Basic argument: One asks for $t_0=\mathbb E_0(\tau)$ where $t_x=\mathbb E_x(\tau)$ for every $-1\leqslant x\leqslant3$. By the (simple) Markov property after one step, $u_x=1+\frac12(u_{x-1}+u_{x+1})$ for every $0\leqslant x\leqslant2$. By definition, $u_{-1}=u_3=0$. This is an affine system of $5$ equations with $5$ unknowns. Solve it.

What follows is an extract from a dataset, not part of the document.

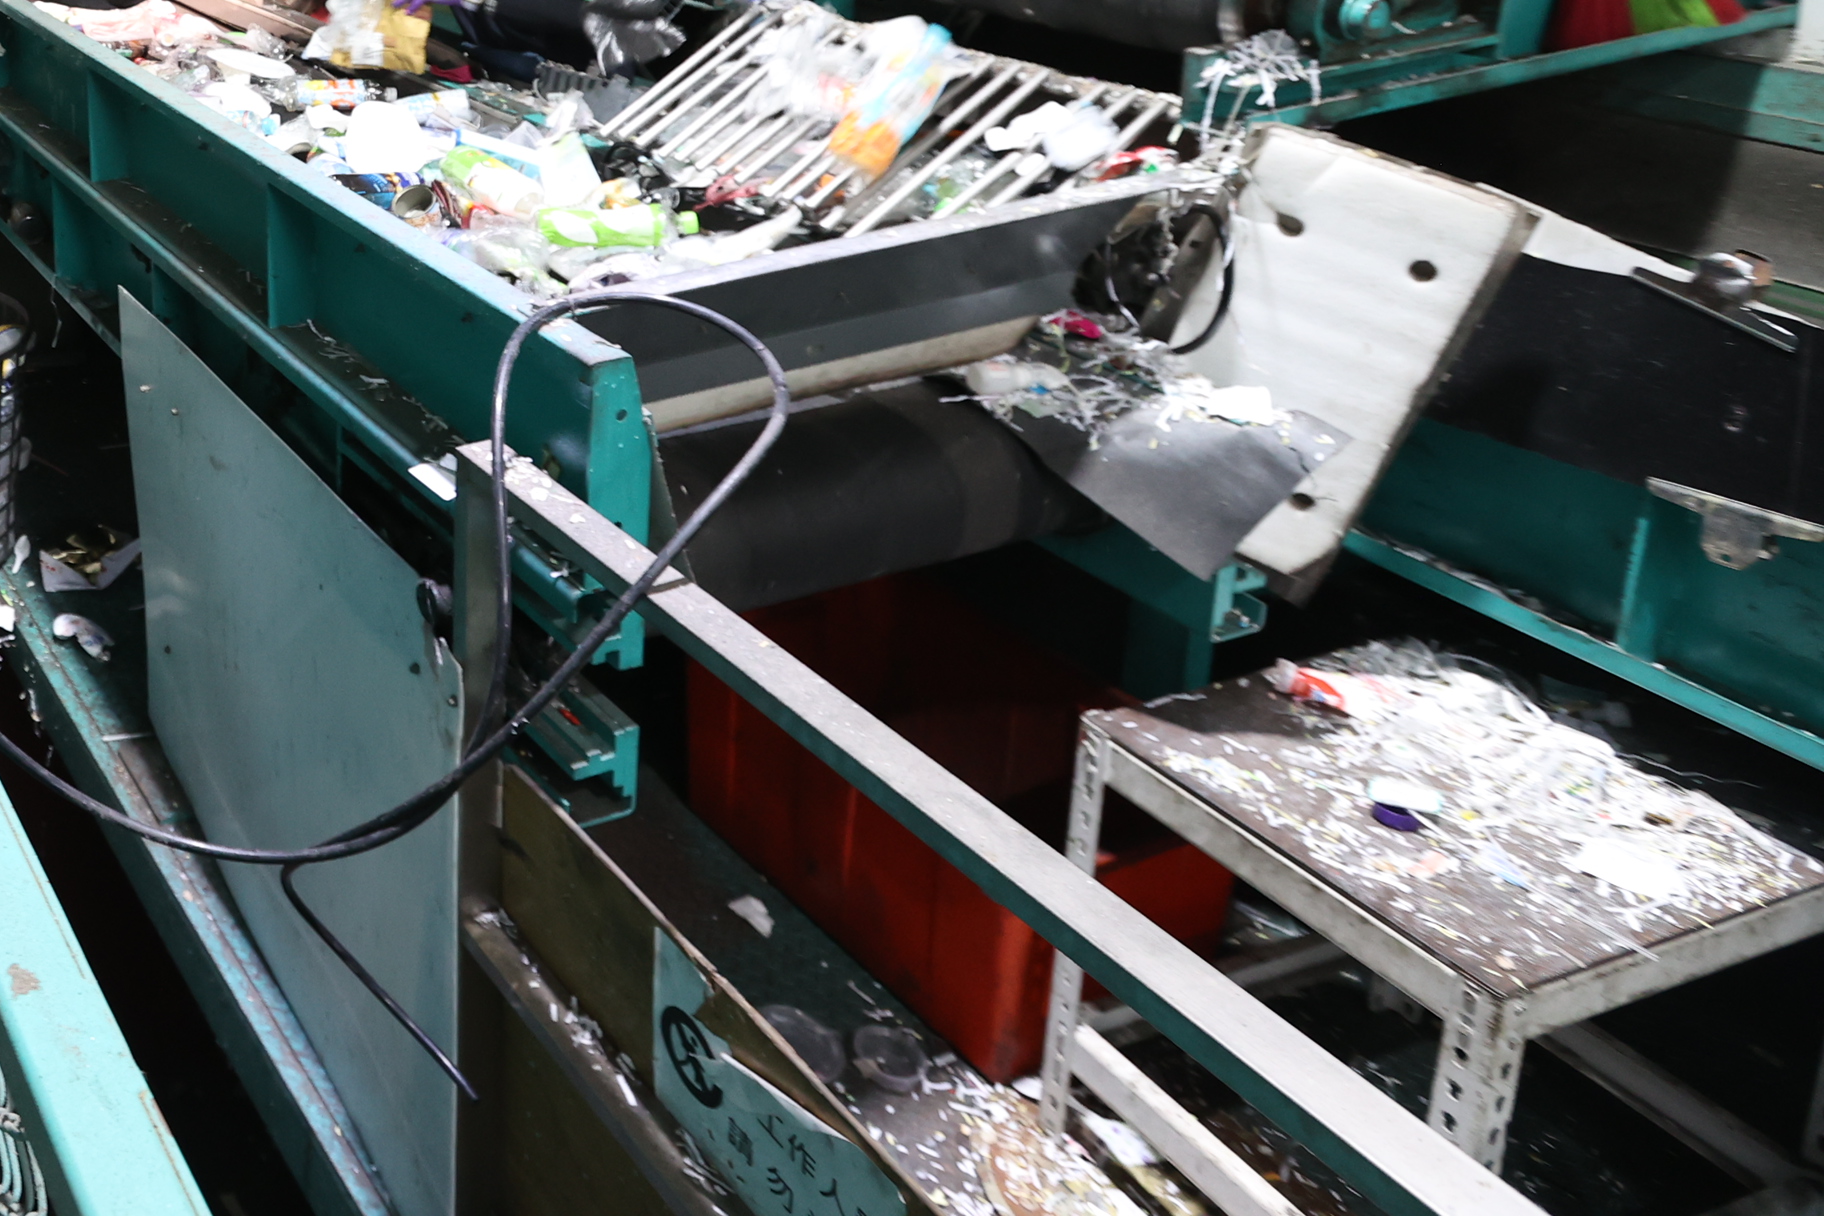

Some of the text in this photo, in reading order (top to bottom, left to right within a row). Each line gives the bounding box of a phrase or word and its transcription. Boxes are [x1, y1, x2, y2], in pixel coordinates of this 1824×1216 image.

This yields $t_x=(3-x)(x+1)$ for every $-1\leqslant x\leqslant3$. In particular $t_0=3$.

Less basic argument: For every $n\geqslant0$, let $x_n$ denote the position after $n$ steps, $\mathfrak X_n$ the sigma-algebra generated by $(x_k)_{0\leqslant k\leqslant n}$, and $z_n=(x_n+1)(3-x_n)+n$. Then $z_0=3$, $z_\tau=\tau$, and $(z_n)_{n\geqslant0}$ is a martingale with respect to the filtration $(\mathfrak X_n)_{n\geqslant0}$, hence $\mathbb E(z_0)=\mathbb E(z_\tau)$, that is, $\mathbb E(\tau)=3$.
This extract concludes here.